Prompt:
Please transcribe only the lines from the one holding "this 1600×1200 image." through the final line of the data, both included, with no pictures.

Input material:
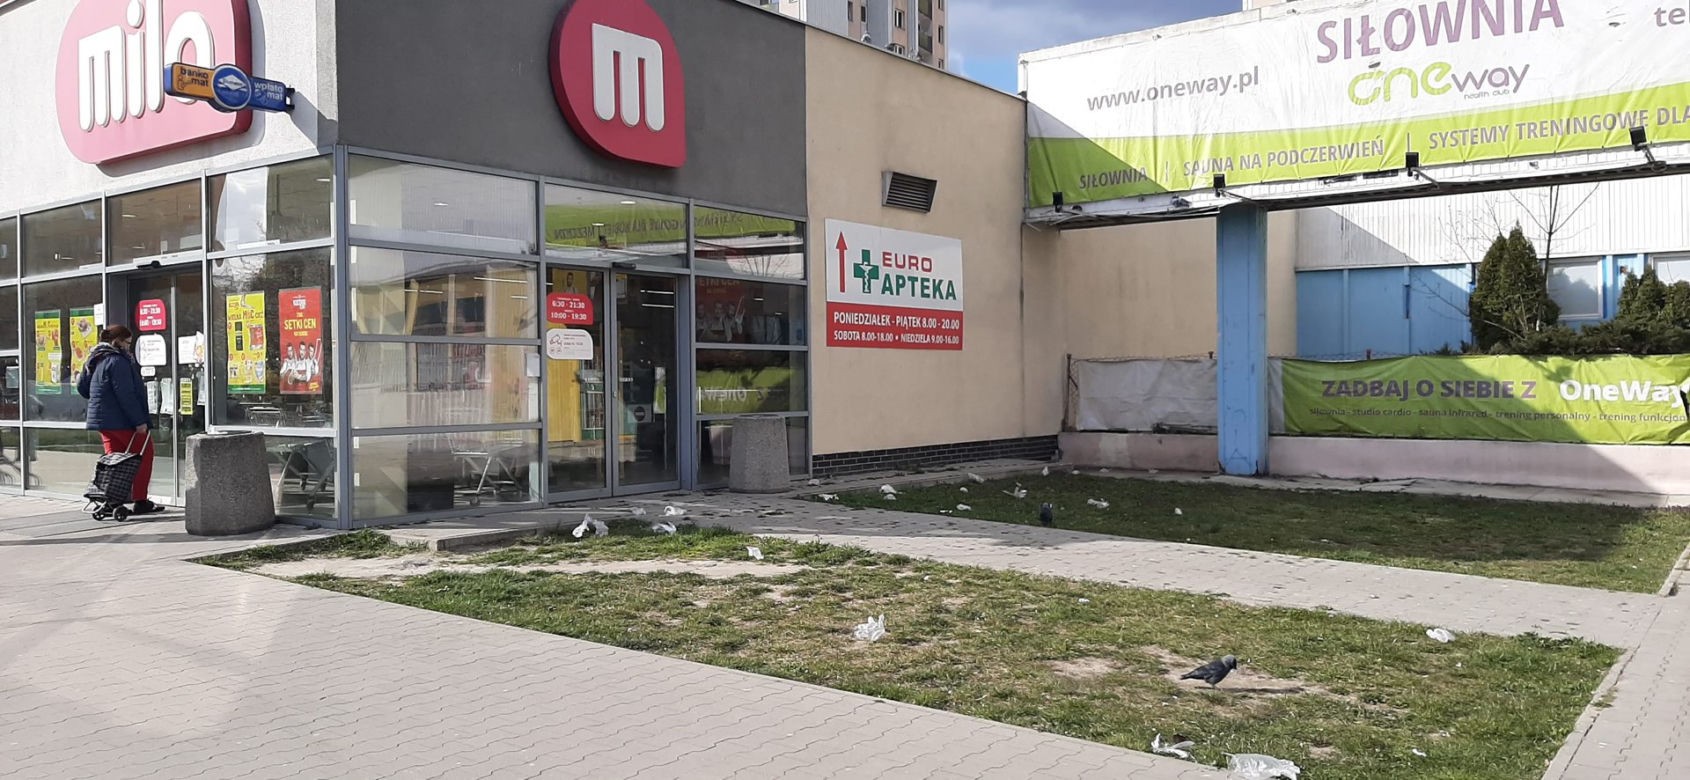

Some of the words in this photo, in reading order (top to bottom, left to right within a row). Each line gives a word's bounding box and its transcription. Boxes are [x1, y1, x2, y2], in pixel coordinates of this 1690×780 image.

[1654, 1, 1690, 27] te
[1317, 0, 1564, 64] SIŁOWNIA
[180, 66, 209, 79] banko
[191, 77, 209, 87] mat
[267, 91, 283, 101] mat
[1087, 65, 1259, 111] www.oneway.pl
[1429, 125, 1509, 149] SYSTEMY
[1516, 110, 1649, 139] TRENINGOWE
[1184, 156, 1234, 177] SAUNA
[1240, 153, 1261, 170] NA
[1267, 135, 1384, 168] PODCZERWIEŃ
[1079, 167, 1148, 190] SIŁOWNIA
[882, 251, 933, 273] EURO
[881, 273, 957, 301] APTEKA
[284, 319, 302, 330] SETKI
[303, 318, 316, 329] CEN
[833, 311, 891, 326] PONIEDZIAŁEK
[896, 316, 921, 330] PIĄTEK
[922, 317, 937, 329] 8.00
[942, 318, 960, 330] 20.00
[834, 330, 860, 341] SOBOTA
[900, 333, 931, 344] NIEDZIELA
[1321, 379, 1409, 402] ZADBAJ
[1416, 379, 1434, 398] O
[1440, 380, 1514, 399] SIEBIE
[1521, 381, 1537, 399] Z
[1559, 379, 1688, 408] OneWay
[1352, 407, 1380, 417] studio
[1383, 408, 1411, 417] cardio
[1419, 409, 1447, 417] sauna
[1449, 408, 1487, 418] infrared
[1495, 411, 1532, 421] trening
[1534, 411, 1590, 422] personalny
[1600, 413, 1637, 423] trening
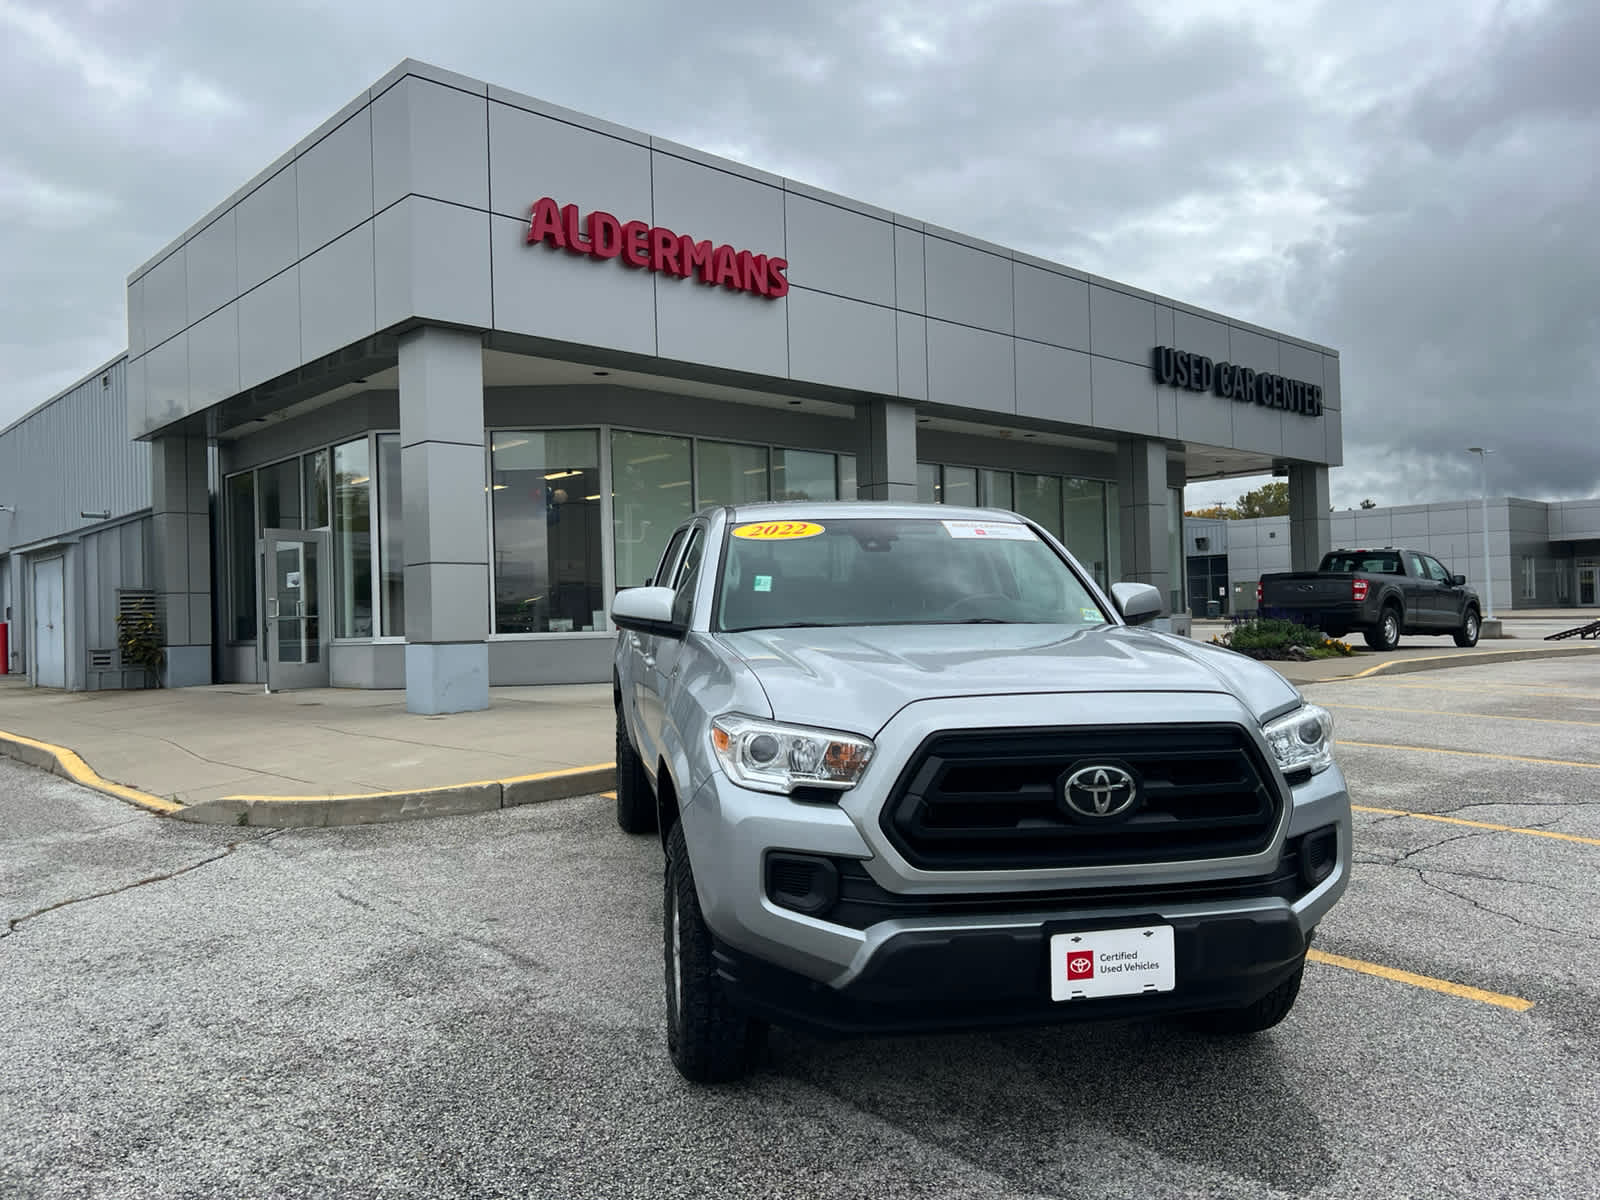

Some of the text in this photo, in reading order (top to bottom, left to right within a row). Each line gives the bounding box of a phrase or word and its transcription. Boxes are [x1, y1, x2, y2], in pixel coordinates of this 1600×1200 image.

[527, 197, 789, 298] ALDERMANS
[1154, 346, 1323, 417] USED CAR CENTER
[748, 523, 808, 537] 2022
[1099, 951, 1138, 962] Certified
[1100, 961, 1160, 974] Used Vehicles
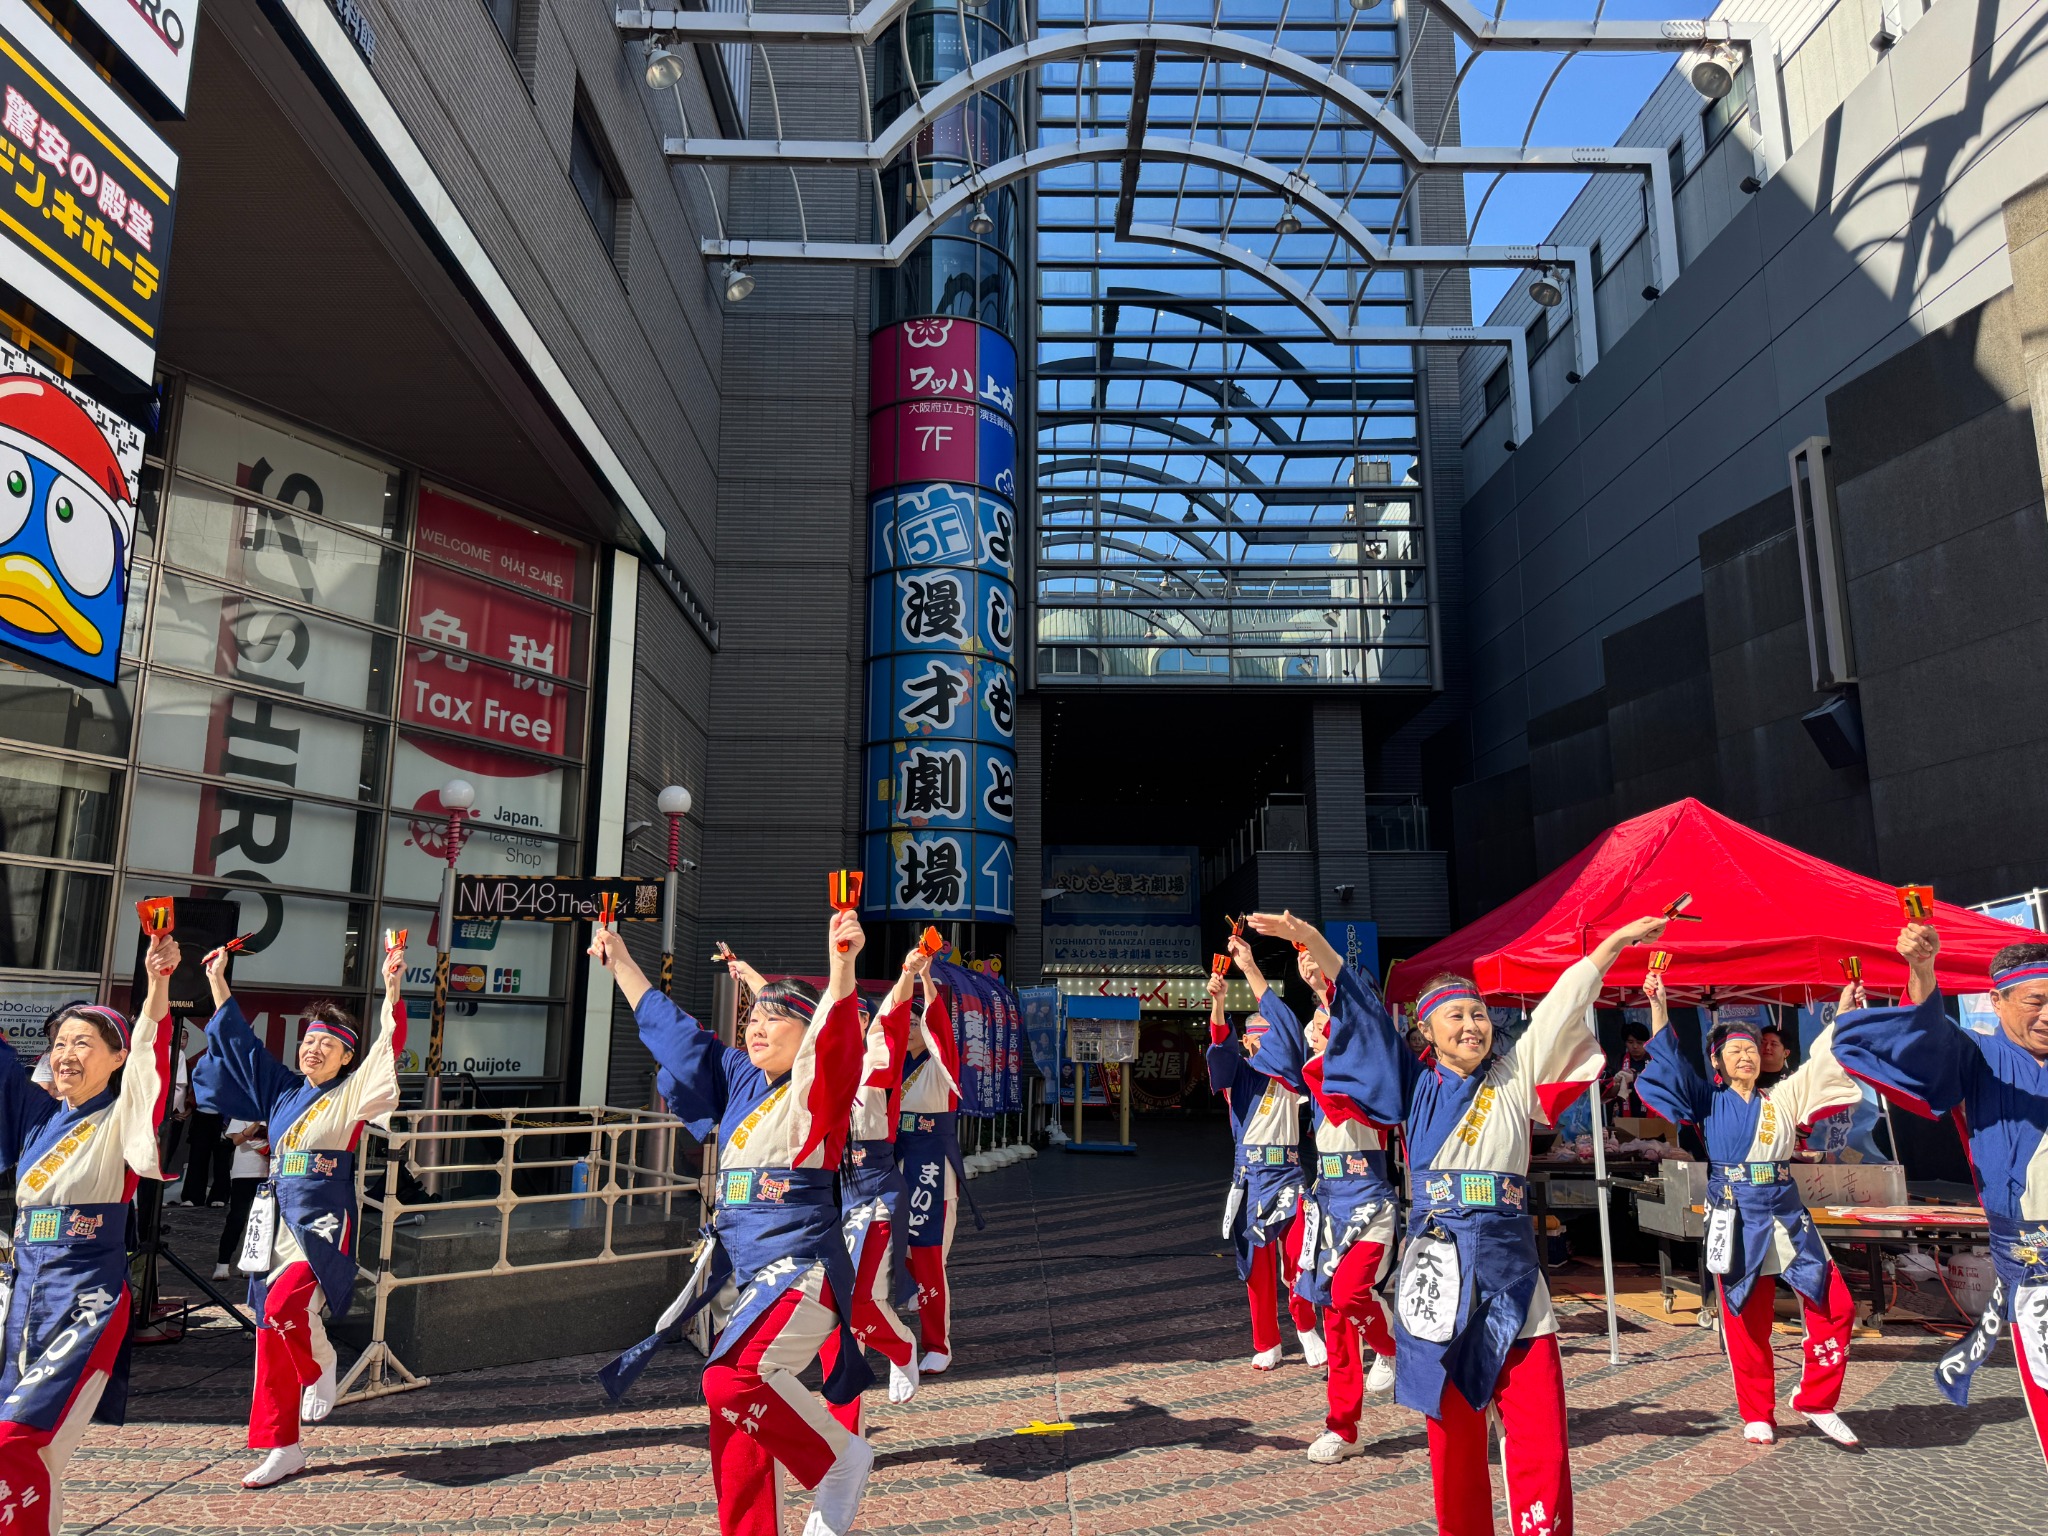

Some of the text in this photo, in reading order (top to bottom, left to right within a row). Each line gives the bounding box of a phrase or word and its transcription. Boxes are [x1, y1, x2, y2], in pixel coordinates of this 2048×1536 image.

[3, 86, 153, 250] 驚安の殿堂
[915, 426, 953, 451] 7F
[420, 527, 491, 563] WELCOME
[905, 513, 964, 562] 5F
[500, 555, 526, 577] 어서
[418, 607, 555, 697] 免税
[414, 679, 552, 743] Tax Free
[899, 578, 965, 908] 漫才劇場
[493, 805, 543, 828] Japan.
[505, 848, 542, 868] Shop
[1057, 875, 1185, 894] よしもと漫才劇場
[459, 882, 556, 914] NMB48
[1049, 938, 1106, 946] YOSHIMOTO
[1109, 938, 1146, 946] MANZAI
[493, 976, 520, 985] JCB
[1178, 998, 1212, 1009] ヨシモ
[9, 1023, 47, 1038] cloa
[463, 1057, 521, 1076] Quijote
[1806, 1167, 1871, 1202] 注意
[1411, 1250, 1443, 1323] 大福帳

Exercise solution:
Some of the text in this photo, in reading order (top to bottom, left to right within a row). Each line gives the bounding box of a phrase or word and its transcription. Boxes are [x1, y1, x2, y2], in pixel coordinates of this 1600×1200 image.

[527, 197, 789, 298] ALDERMANS
[1154, 346, 1323, 417] USED CAR CENTER
[748, 523, 808, 537] 2022
[1099, 951, 1138, 962] Certified
[1100, 961, 1160, 974] Used Vehicles

Some of the text in this photo, in reading order (top to bottom, left to right within a row). Each line gives the bounding box of a phrase or word and its transcription. Boxes are [x1, y1, x2, y2], in pixel coordinates of this 2048×1536 image.

[3, 86, 153, 250] 驚安の殿堂
[915, 426, 953, 451] 7F
[420, 527, 491, 563] WELCOME
[905, 513, 964, 562] 5F
[500, 555, 526, 577] 어서
[418, 607, 555, 697] 免税
[414, 679, 552, 743] Tax Free
[899, 578, 965, 908] 漫才劇場
[493, 805, 543, 828] Japan.
[505, 848, 542, 868] Shop
[1057, 875, 1185, 894] よしもと漫才劇場
[459, 882, 556, 914] NMB48
[1049, 938, 1106, 946] YOSHIMOTO
[1109, 938, 1146, 946] MANZAI
[493, 976, 520, 985] JCB
[1178, 998, 1212, 1009] ヨシモ
[9, 1023, 47, 1038] cloa
[463, 1057, 521, 1076] Quijote
[1806, 1167, 1871, 1202] 注意
[1411, 1250, 1443, 1323] 大福帳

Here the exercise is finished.